# Your instructions
Go through the data below and copy it exactly, skipping every picture.

# Listed records
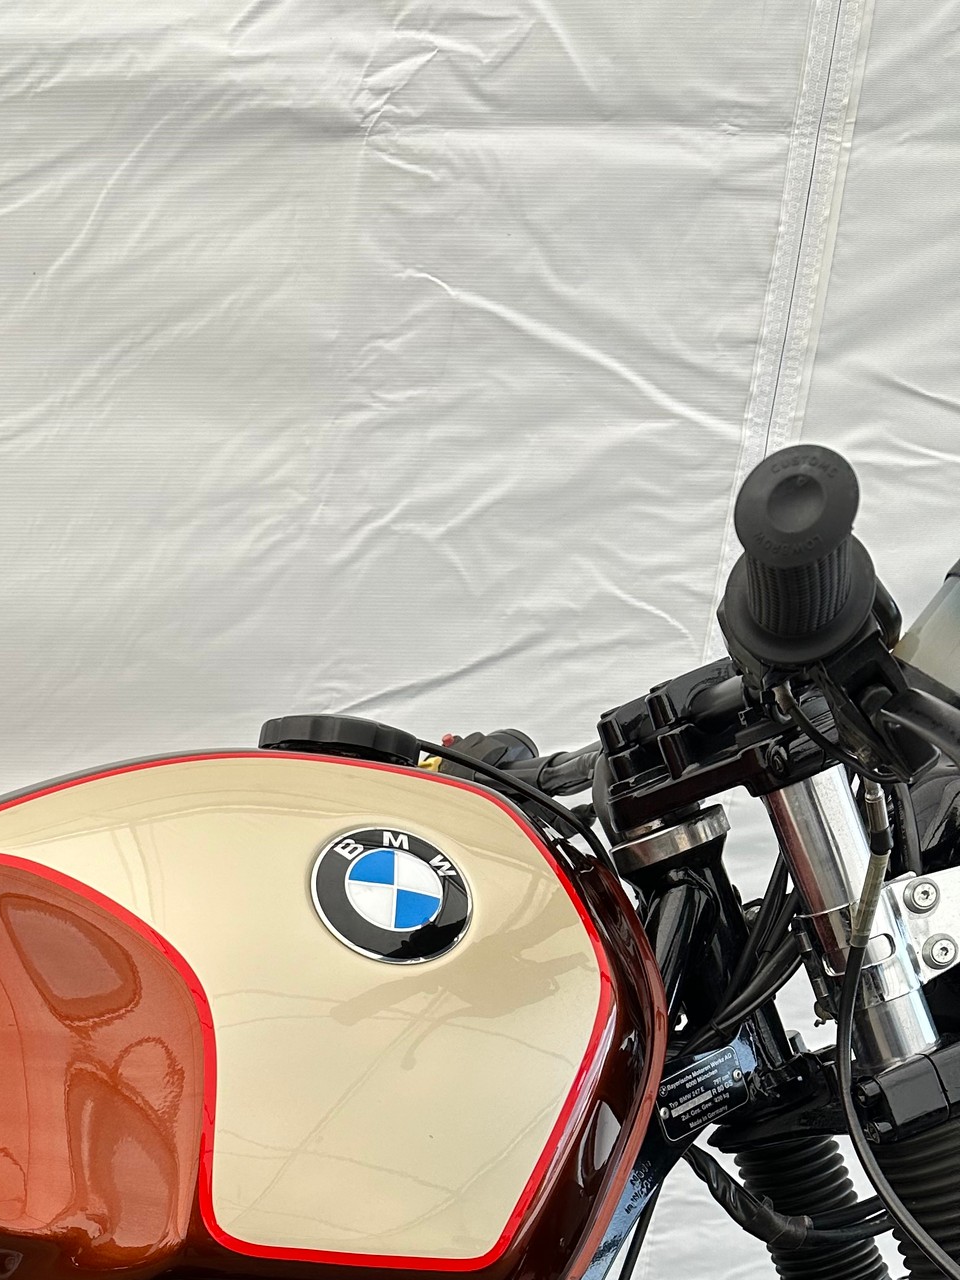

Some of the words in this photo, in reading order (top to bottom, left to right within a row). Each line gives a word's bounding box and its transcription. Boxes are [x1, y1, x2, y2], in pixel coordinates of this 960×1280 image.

[333, 831, 457, 877] BMW
[667, 1075, 692, 1090] Bayerische
[692, 1066, 710, 1076] Motoren
[710, 1058, 724, 1067] Werke
[697, 1069, 718, 1082] München
[689, 1120, 702, 1128] Made
[707, 1105, 728, 1118] Germany
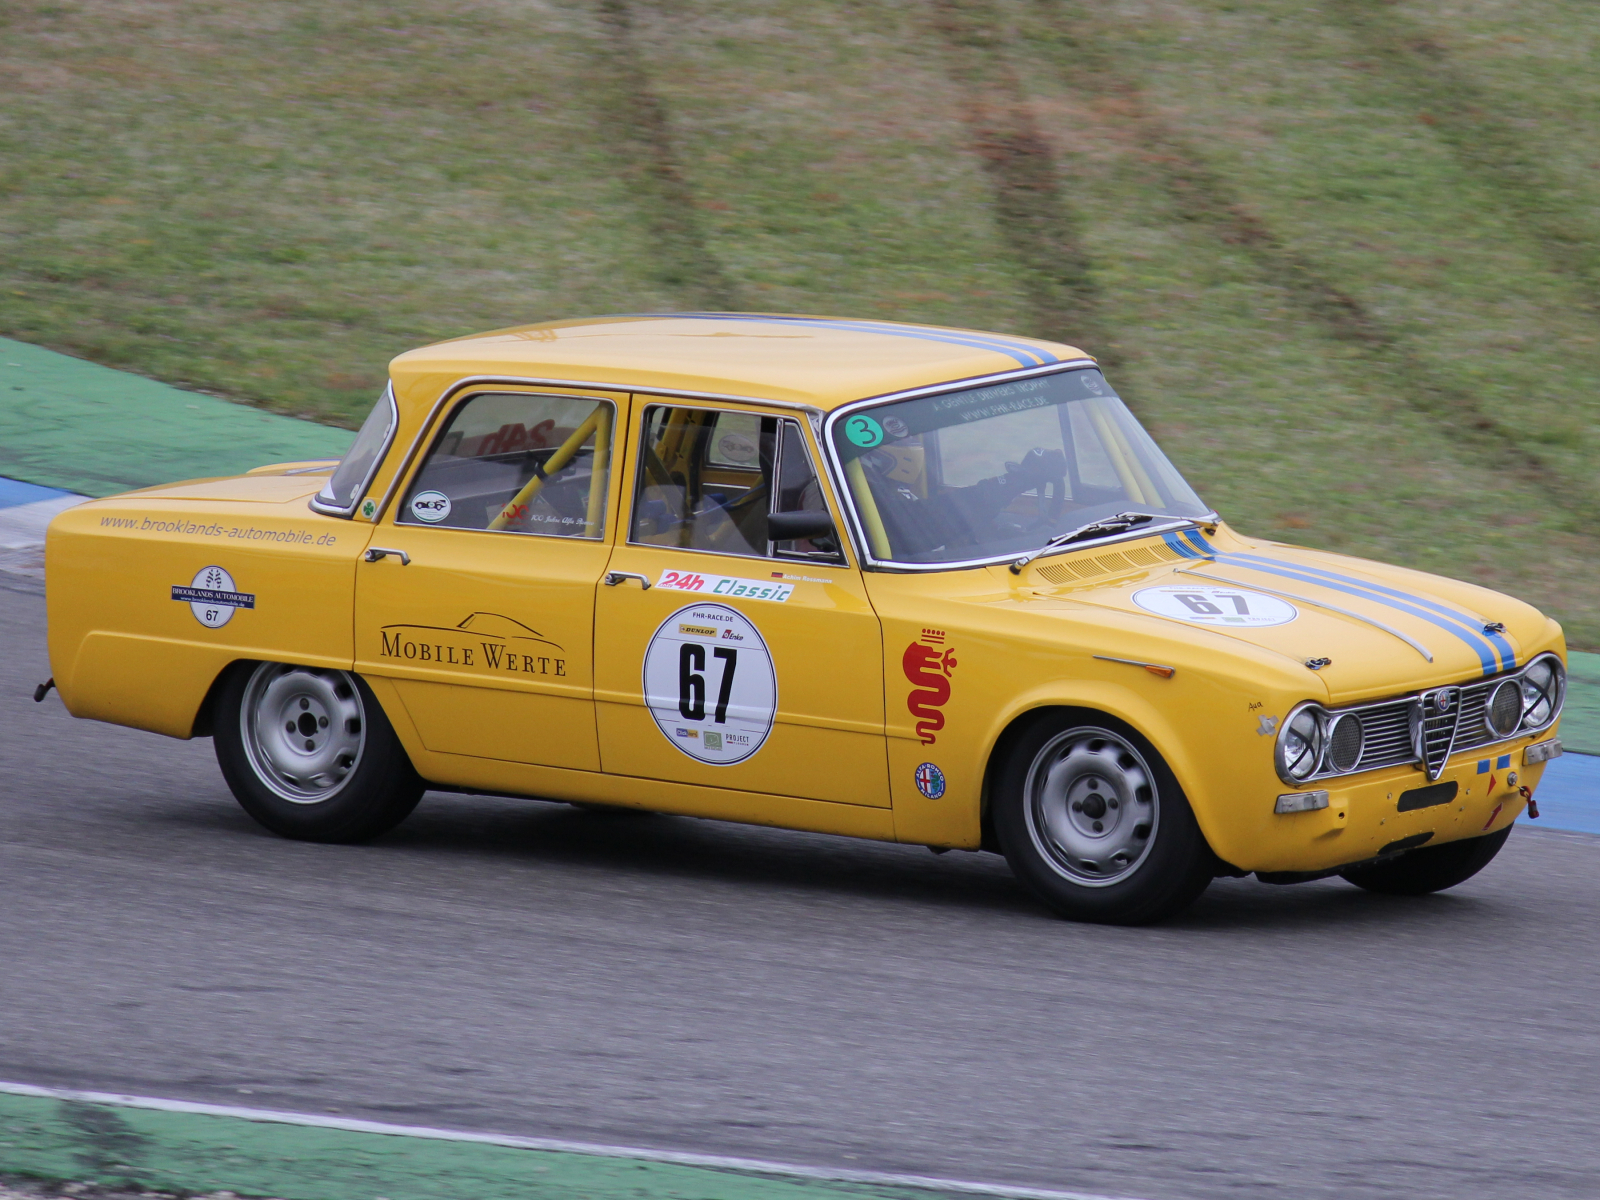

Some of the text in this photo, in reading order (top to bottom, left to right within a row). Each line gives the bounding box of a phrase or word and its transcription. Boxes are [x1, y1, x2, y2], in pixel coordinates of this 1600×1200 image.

# Answer below
Some of the words in this photo, in reading order (top to bottom, left to right within a row). Each line gives a word's bounding box and its transcription. Boxes are [x1, y1, x2, y2], in pixel coordinates of this 960×1280 image.

[333, 831, 457, 877] BMW
[667, 1075, 692, 1090] Bayerische
[692, 1066, 710, 1076] Motoren
[710, 1058, 724, 1067] Werke
[697, 1069, 718, 1082] München
[689, 1120, 702, 1128] Made
[707, 1105, 728, 1118] Germany

Some of the text in this photo, in reading order (top to bottom, left to right within a row). Each line gives the bounding box of a phrase or word and its transcription. Boxes are [x1, y1, x2, y2], in pixel coordinates of this 1600×1200 image.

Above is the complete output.